The "Color Level" as used throughout the present invention refers to the degree of gradation of the color component or brightness exhibited by the pixel, for example, the red (R), green (G), and blue (B) components of the color image. The range of the gradation ranges from 0 to 255; alternatively, the range of the gradation of the grayscale image (Luminance) may range from 0 to 255, which can be understood by those of ordinary skill in the art to which the present invention pertains.

"Relative Frequency" as used throughout the present invention refers to the ratio of the number of pixels of each grayscale value in the determination region to the total number of pixels in the determination region. Values are understood by those of ordinary skill in the art to which the present invention pertains.

Referring to FIG. 1 , a flowchart of a method for detecting a mountain flood detection method according to the present invention may include a step S1, a gray step S2, a group step S3, and an alignment step. S4.

The capturing step S1 can take an image capturing device (such as a camera) to shoot a water surface of a river in a mountainous area to generate a water surface image, which can be a color image or a black and white image. Limitation, in the present embodiment, the water surface image is a color image and is described as a follow-up. In addition, because the mountainous area is susceptible to weather conditions such as sunlight, cloud cover or fog, the image of the water surface captured by the image capture device is blurred, or the degree of brightness is different, which affects the subsequent image processing analysis. Therefore, by shooting the same image Several water surface images during the day or days of the day, and subsequent steps for each of the water surface images to improve the accuracy of the judgment. The number of the water surface images is preferably 100 or more, but is not limited thereto.

In addition, by adjusting the photographing rate of the image capturing device, it is known that the water surface image is changed to one water surface image every minute every 10 minutes, so that the water surface image capturing rate can be improved, and the overall height is improved. The effectiveness of disaster prevention warnings.

The grayscale step S2 is based on the color gradation of the red, green and blue components of each pixel of the water image, and the average of the tone of the water image is converted to a brightness range of 0 to 255, so that a grayscale image is generated. And selecting a Region of Interest (ROI) in the grayscale image to perform a subsequent image processing step, and the image size of the identified region is not greater than the image size of the grayscale image. For example, the image may be selected. A trapezoidal range across the channel serves as an identification area. In this way, the time required for subsequent image processing can be reduced, and the system operation complexity can be reduced. However, when the color tone range of the original color tone of the water surface image is the brightness of 0 to 255, the gray leveling step S2 may be omitted, which can be understood by those having ordinary knowledge in the technical field of the present invention. Narration.

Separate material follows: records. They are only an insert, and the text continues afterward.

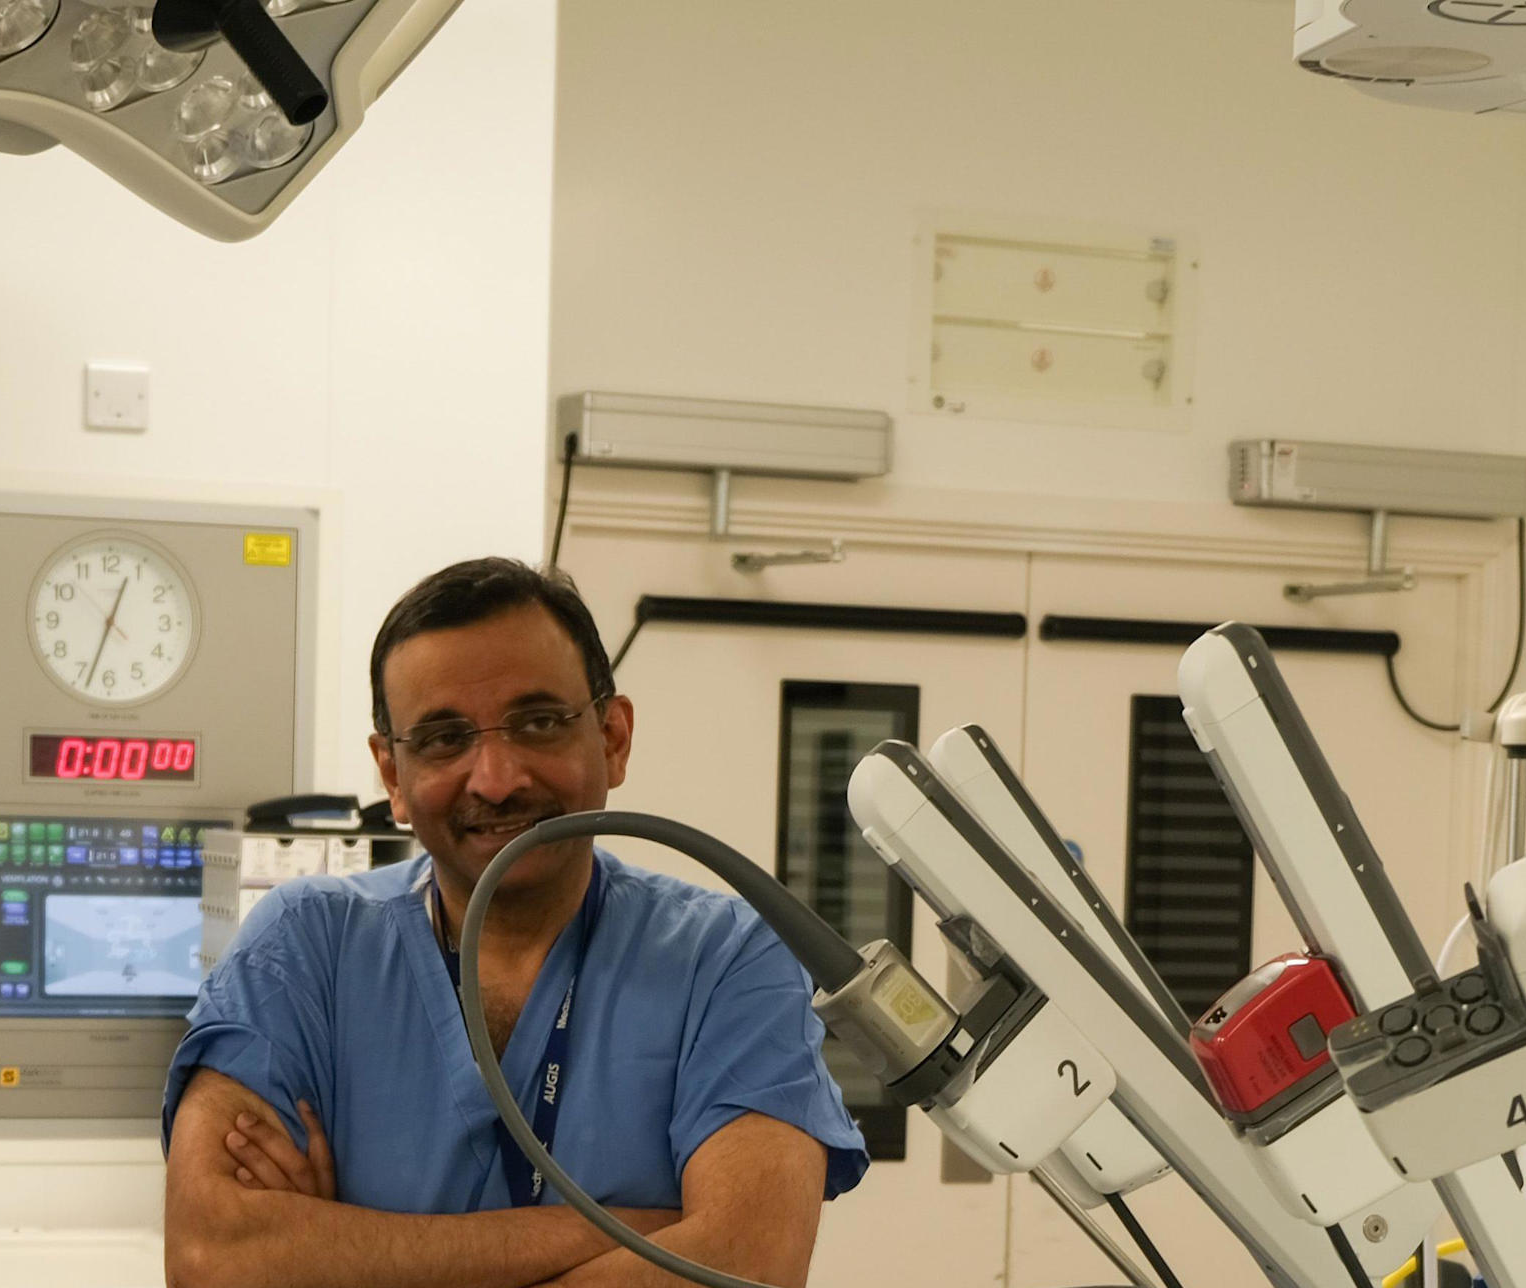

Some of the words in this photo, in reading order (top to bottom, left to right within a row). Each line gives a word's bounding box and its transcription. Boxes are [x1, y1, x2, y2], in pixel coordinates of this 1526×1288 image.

[76, 562, 89, 580] 11
[102, 555, 120, 573] 12
[135, 564, 141, 581] 1
[54, 583, 74, 601] 10
[153, 585, 166, 603] 2
[46, 611, 60, 629] 9
[158, 614, 171, 632] 3
[54, 640, 67, 658] 8
[151, 643, 164, 659] 4
[75, 661, 87, 679] 7
[102, 670, 115, 687] 6
[130, 661, 143, 680] 5
[543, 1062, 560, 1105] AUGIS
[1058, 1060, 1091, 1097] 2

The grouping step S3 can analyze the identification area using a K-means algorithm (K-means). Since the water surface is brighter when the water is flowing, the gray scale value is relatively high, and the gray scale value of the bare soil and the gravel after being wetted by rain or river water is relatively low, so the Each pixel in the identification area is divided into a water body pixel and a non-water body pixel (such as bare soil or gravel) for subsequent comparison analysis.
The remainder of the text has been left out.